La gestione dell’epidemia è in mano soprattutto alle regioni, che spesso hanno fatto scelte diverse durante l’emergenza. L’ordinanza lombarda sull’obbligo di indossare mascherine è solo l’esempio più recente. Sui test diagnostici, l’ultima diatriba riguarda la tipologia di test da effettuare. Alcune regioni potenziano la capacità di analizzare i tamponi; altre stanno optando per una tipologia diversa di test, quelli “sierologici”.

Si tratta di due tecniche diverse di individuare le persone contagiate. Il “tampone” scova il virus nelle mucose delle vie respiratorie. Con i test sierologici si cerca nel sangue la presenza degli anticorpi contro il coronavirus sviluppati dal sistema immunitario: se ci sono gli anticorpi, significa che l’infezione è avvenuta. Dato che gli anticorpi rimangono nel sangue molto tempo dopo l’infezione, il test permette di scoprire chi ha avuto il virus anche a mesi di distanza dall’infezione. Infatti è lo strumento più adatto per capire, a epidemia finita, quale percentuale della popolazione è stata contagiata.

Nessuno dei due è infallibile. Il tampone può risultare negativo perché la carica virale è troppo bassa. Oppure perché, nella seconda fase della malattia, il virus scende nelle vie respiratorie più basse dove il tampone (un lungo “cotton fioc”) non arriva.

Anche il test sierologico ha i suoi problemi: può dare “falsi negativi” perché nelle prime fasi dell’infezione l’organismo può ospitare il virus ma non aver ancora sviluppato gli anticorpi. Inoltre, potrebbe rilevare la presenza di anticorpi contro altri coronavirus comuni, come quelli del raffreddore, e dare un risultato “falso positivo”.

Con una circolare del 3 aprile, il ministero della Salute ha stabilito di utilizzare per le diagnosi solo i test basati sul tampone: quelli sierologici «non possono, allo stato attuale dell’evoluzione tecnologica, sostituire il test molecolare basato sull’identificazione di Rna virale dai tamponi nasofaringei», ha scritto il ministro Speranza su indicazione degli esperti del Comitato Tecnico Scientifico.

Ma il dibattito intorno alla scelta del test migliore non coinvolge solo gli esperti.

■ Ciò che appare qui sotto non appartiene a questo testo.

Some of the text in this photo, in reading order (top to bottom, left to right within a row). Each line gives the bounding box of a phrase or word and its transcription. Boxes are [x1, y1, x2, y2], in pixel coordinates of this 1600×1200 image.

Tra i sostenitori di un approccio o dell’altro ci sono esponenti politici, governatori regionali e persino manager d’impresa, come l’ad della Ducati Claudio Domenicali, che in vita loro non si sono mai occupati di diagnosi virologiche. I due test, infatti, corrispondono a due approcci diversi nella risposta all’epidemia.

Volendo semplificare molto, il tampone serve soprattutto a scoprire chi si sta ammalando, mentre il test sierologico serve a scoprire chi sta guarendo (nei casi dubbi si effettuano entrambi).

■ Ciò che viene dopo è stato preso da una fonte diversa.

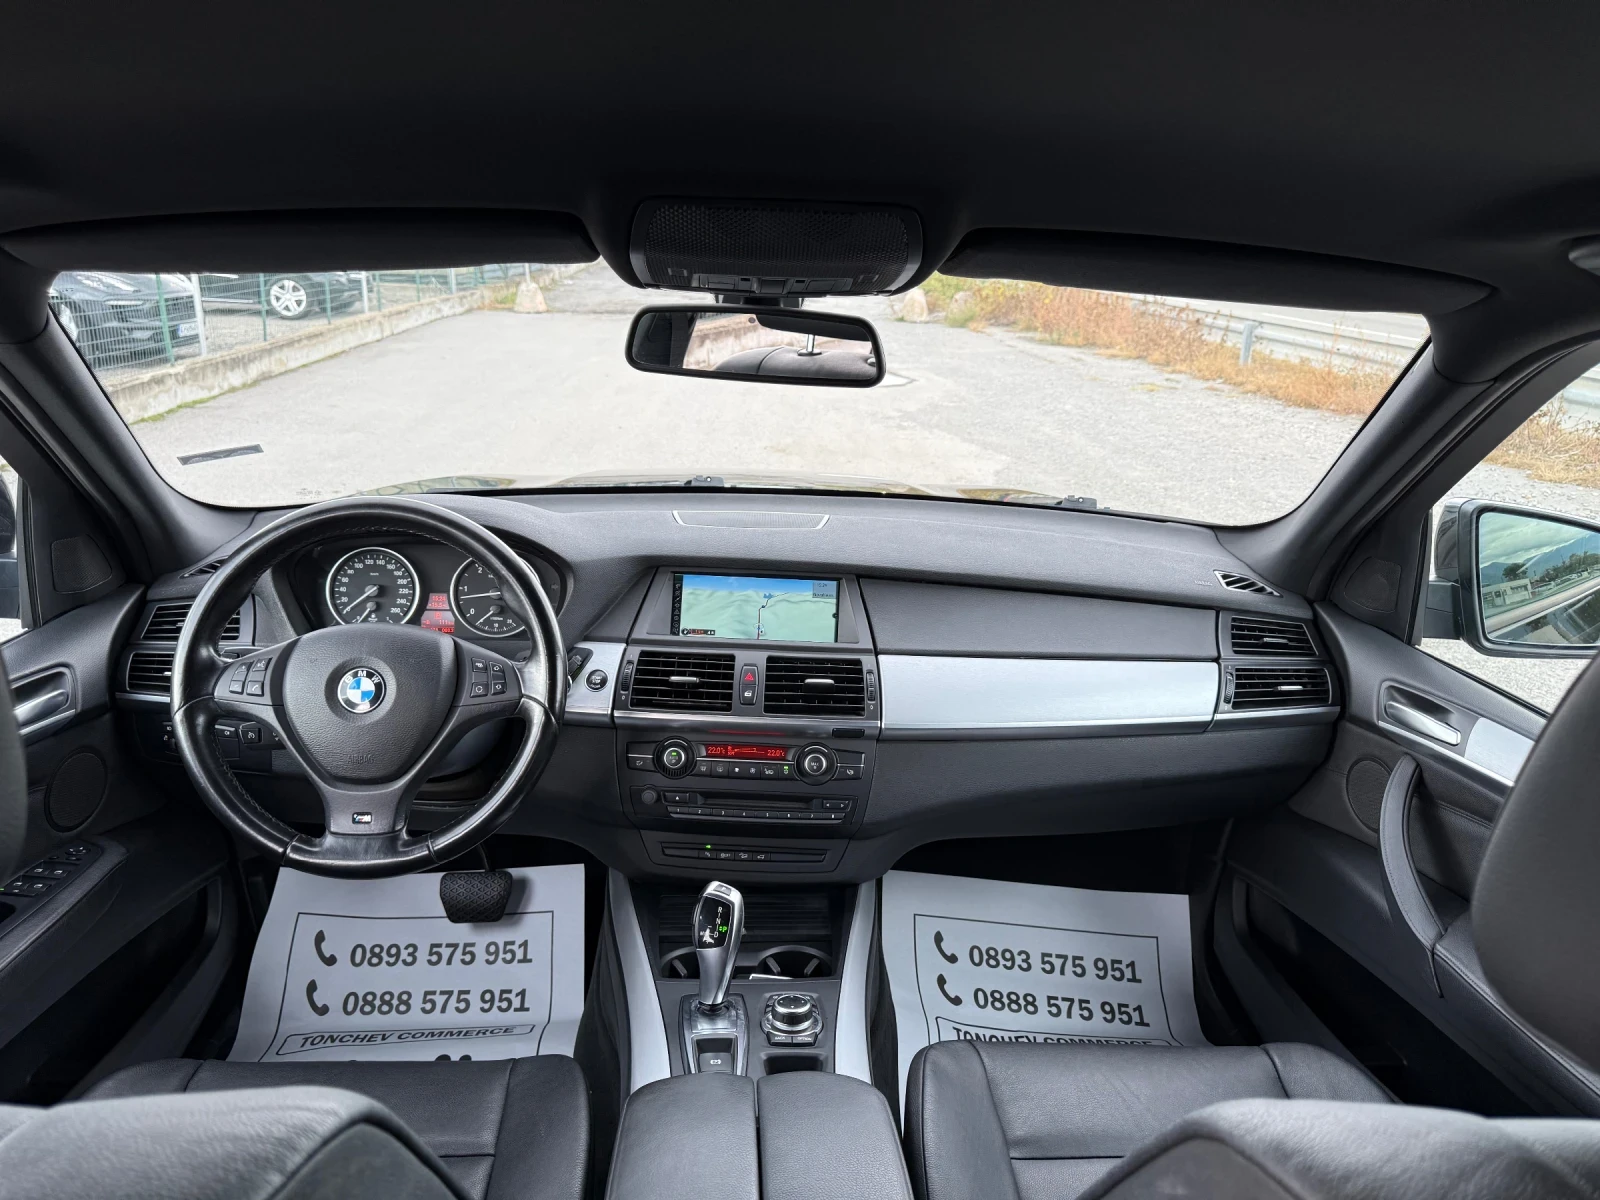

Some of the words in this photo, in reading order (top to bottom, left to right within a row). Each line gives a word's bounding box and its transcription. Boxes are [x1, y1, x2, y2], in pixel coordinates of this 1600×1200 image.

[345, 671, 380, 683] BMW
[350, 943, 418, 968] 0893
[426, 942, 476, 967] 575
[484, 939, 533, 966] 951
[968, 945, 1032, 973] 0893
[1040, 952, 1087, 978] 575
[1093, 957, 1143, 984] 951
[342, 991, 413, 1016] 0888
[420, 990, 471, 1015] 575
[479, 988, 530, 1014] 951
[973, 987, 1039, 1015] 0888
[1046, 995, 1094, 1022] 575
[1099, 1000, 1151, 1028] 951
[300, 1033, 394, 1048] TONCHEV
[397, 1027, 516, 1040] COMMERCE

Perciò, il tampone permette di rispondere all’epidemia sul piano sanitario, con l’isolamento dei positivi. Il test sugli anticorpi rappresenta una risposta sul terreno dell’attività economica: le persone guarite possono tornare a una vita normale senza rischi, anche a epidemia in corso, e far ripartire fabbriche e uffici. Semplificando ancora di più, il tampone è per chi aderisce alla campagna #iorestoacasa, il test sierologico è per chi preferisce slogan come #milanononsiferma.

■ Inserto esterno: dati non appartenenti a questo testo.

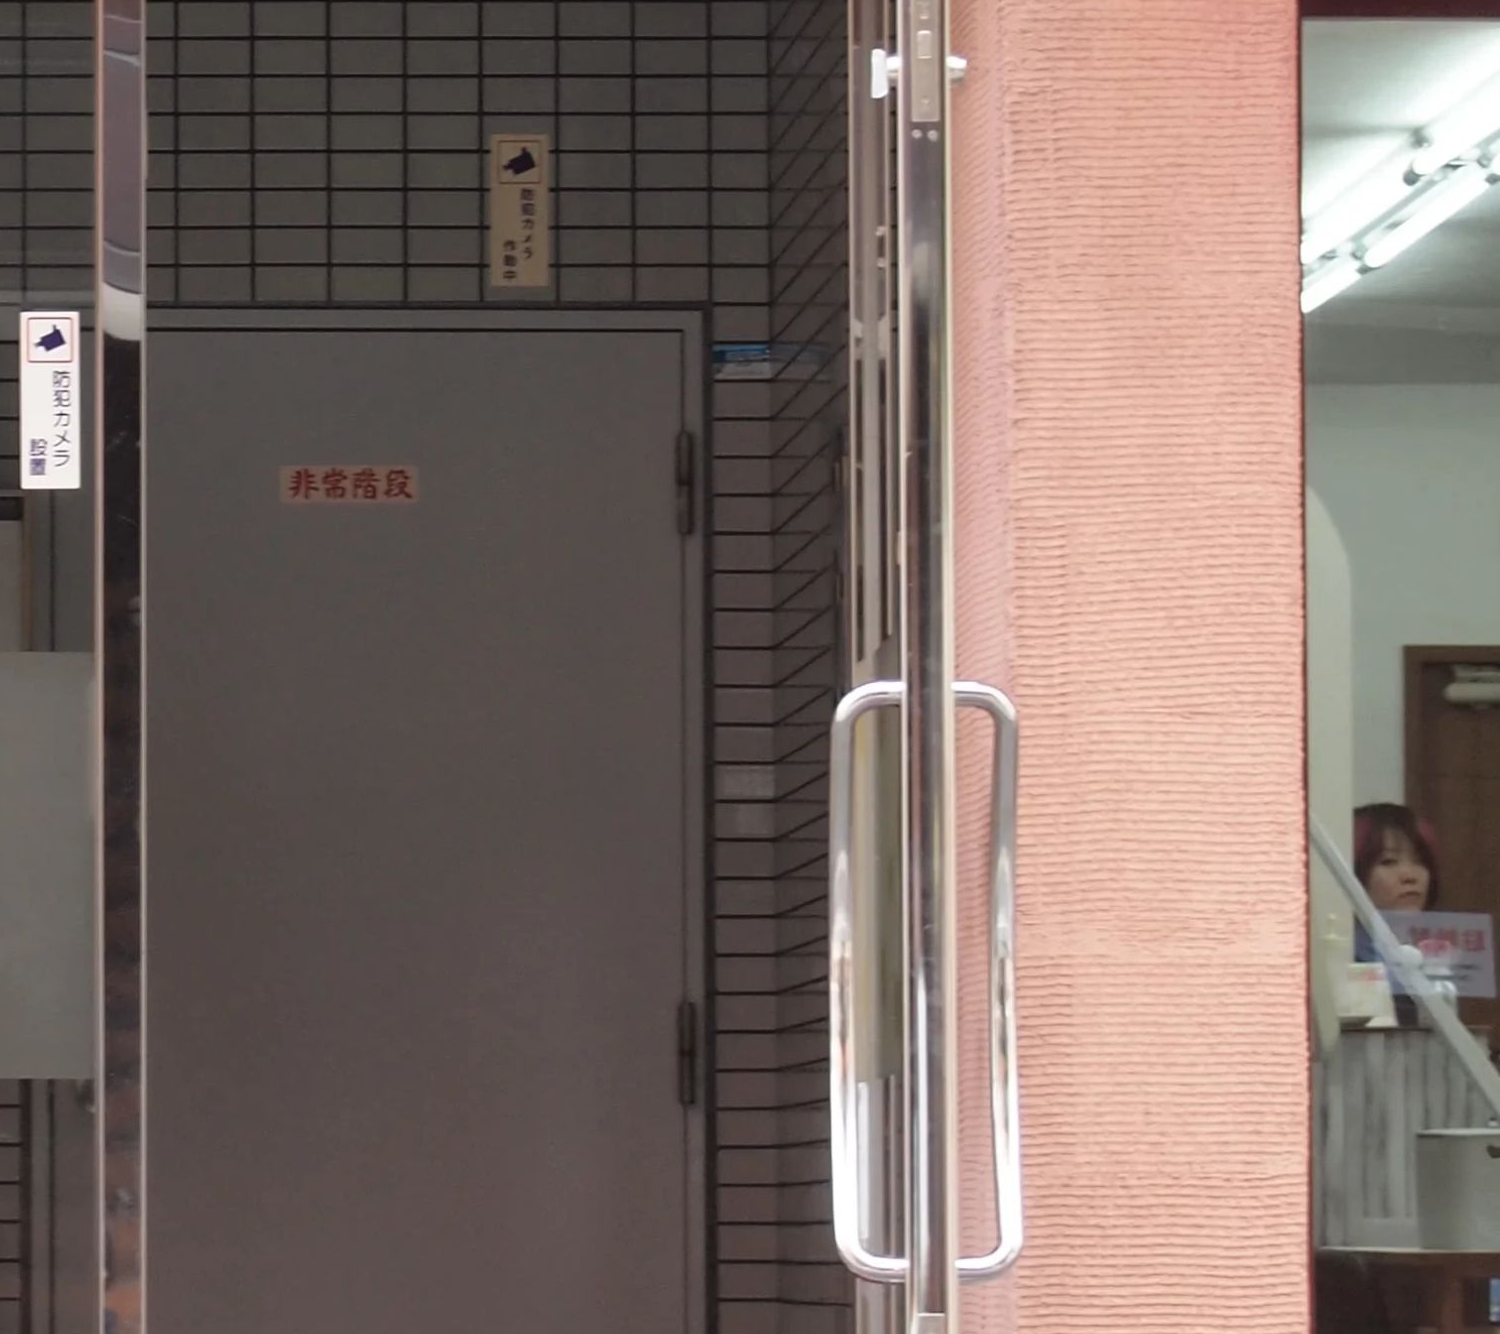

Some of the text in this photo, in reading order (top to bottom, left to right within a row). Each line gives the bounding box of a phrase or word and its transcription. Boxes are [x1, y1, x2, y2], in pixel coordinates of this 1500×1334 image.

[52, 369, 71, 468] 防犯カメラ
[29, 437, 48, 476] 設置
[287, 468, 414, 501] 非常階段

Ovviamente, sarebbe bene effettuare tutti i test che servono, indipendentemente dalla tipologia. Soprattutto per gli operatori sanitari a cui spesso sono negati tutti e due. Ma l’emergenza ha mostrato che nessuna regione ha capacità diagnostica illimitata e che è necessario indirizzare le poche risorse a disposizione con oculatezza. A parole, ogni regione difende la sua strategia sulla base di evidenze scientifiche. Ma, come spesso avviene, dietro scelte apparentemente “tecniche” si nascondono decisioni politiche.